Ikoga Lagoon was then, in 1992, a little known lagoon on the Okavango Panhandle. Borrowing a trailer to carry my boat, Sheila and I decided to take her brother, Tom Maling, there for his long-weekend visit. We had arranged for him to come to Maun on the flight that would come up empty to fetch Basil Read personnel for their monthly home flight to South Africa.
Keith Spackman in his own vehicle, with his friend, Chris Morrissey, joined us. After the four hour trip via Sehithwa, we turned off to Ikoga village, a little place of about 400 souls, then, including the home of one of my survey assistants, Rogers Shoni, who came along with us. From there it was a short sand-track drive to the lake side where we set up camp just as it was getting dark.
The two fishermen whom we encountered there, returned to their village and left us to marvel at the peaceful, beautiful lagoon on our own. The sunrise over the water the next morning was indescribable. Launching my boat, we explored and fished. Keith paddled about in his slim canoe and had to be rescued when he capsized trying to retrieve one of our fishing lures from the reeds. The main lagoon is about six hundred metres long by three hundred wide with a one kilometre channel off to the east that with some short blind forks, petered out in the swamp. There was no navigable channel to connect us to the Okavango River.
Keith and Chris left us on Thursday 1 October to go and find and explore Drotski’s caves in the Kwihabe Valley, out in the Kalahari dune-veld.
After some exploring overland, we found a spot to re-launch the boat into the main channel the next day. As we passed Ikoga Fishing Camp, we saw Mike Bullock, one of the owners of Aliboats, the company in Maun that had built my boat. We did some fishing in a small barbel run where I lost tackle to something fast and brutal, probably a tiger-fish, but I didn’t even see it. Just exploring, bird-watching and drinking copious amounts of beer made the trip a fantastic one. We left the boat at the launch point and went back to our camp at the lagoon.
The following day we explored the Okavango downstream as far as the Seronga Channel where we walked into that little village on the northern bank. There was a store, a school, some admin buildings, some mud huts and not much else, but the folk were friendly.
On the Sunday, we got Tom back to Maun in time to catch his flight back to Johannesburg.
We made several trips to Ikoga with my boat. The local headman even agreed to my request for a plot on the lake-side, but the Tawana Landboard refused. It was a nice little dream while it lasted. I understand that there is now a tourist camp on the same spot!

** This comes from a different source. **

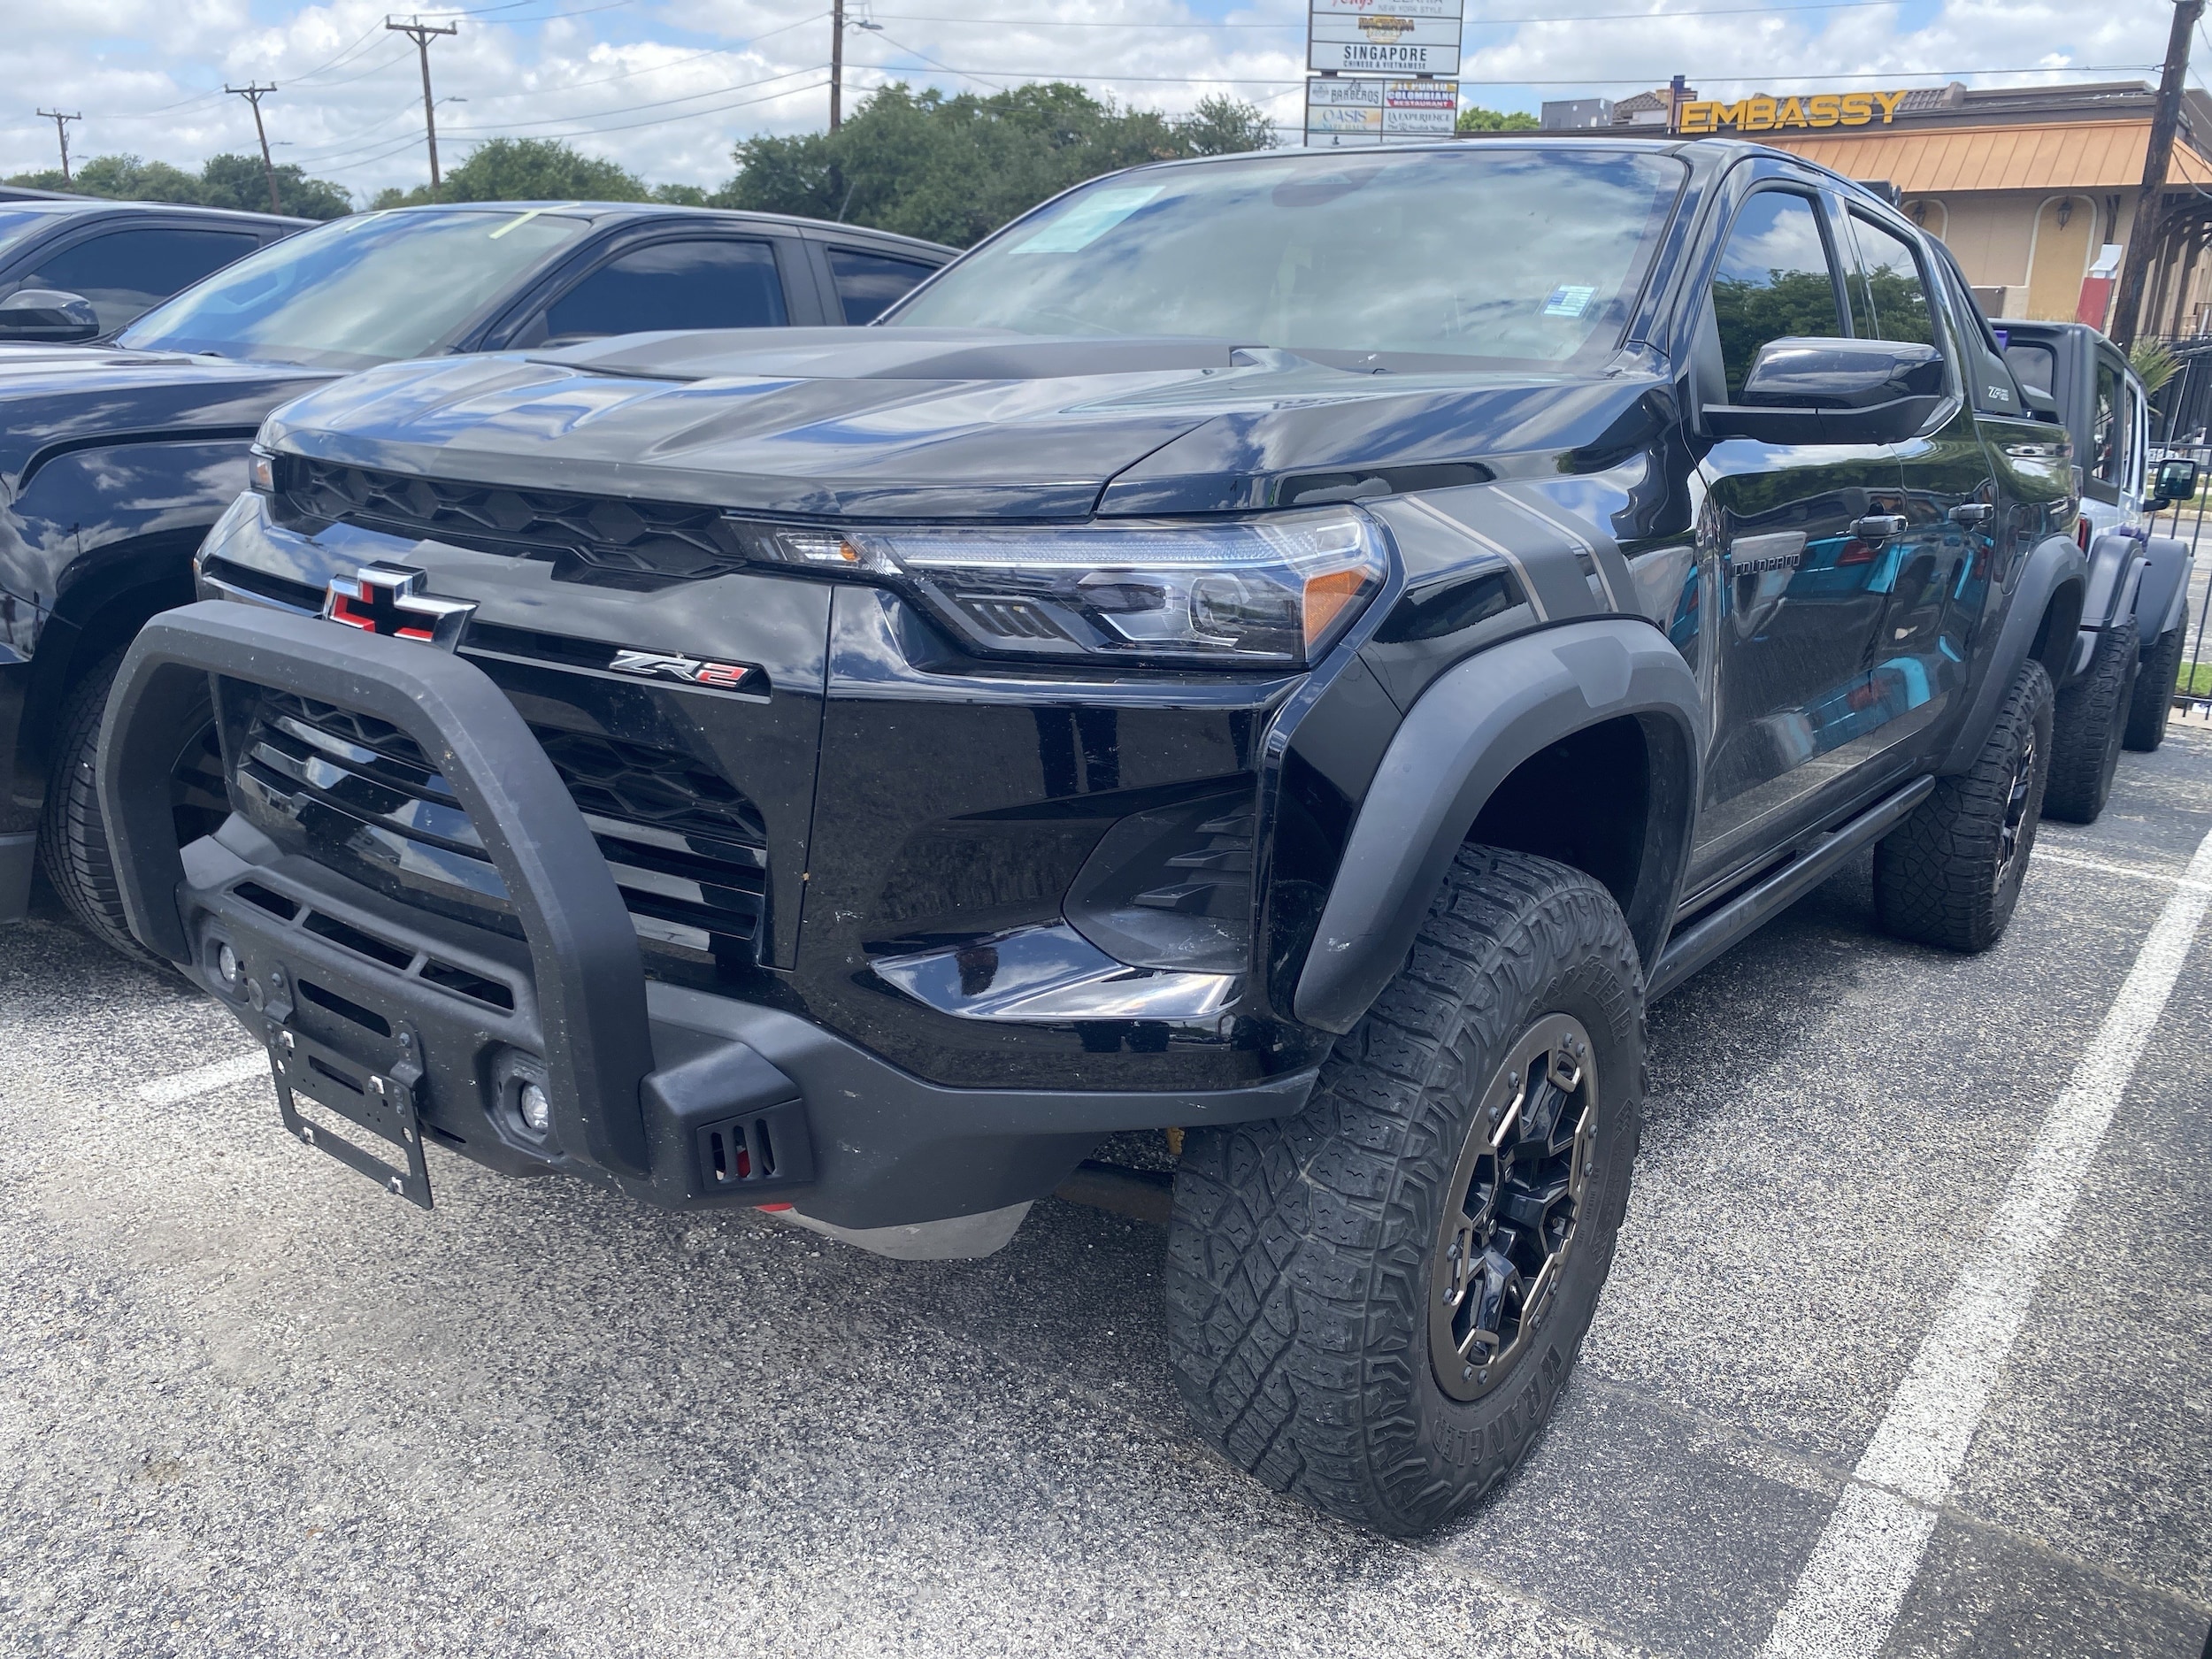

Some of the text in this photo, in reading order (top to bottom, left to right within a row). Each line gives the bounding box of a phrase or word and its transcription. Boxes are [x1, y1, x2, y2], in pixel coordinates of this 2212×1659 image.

Mentioning Rogers Shoni: he was to work for me, on and off, as my survey assistant at Basil Read as well as later when I was Site Agent building Maun Secondary School. He was a good-looking man and had a way with the girls, but was regularly off to see the doctor about trouble with what he called his Number Twenty-One Finger. He got quite strange after a few years, even threatening me with a panga after pretending that he had not received his pay packet and demanding another one. Sadly, he eventually, reputedly, died of AIDS.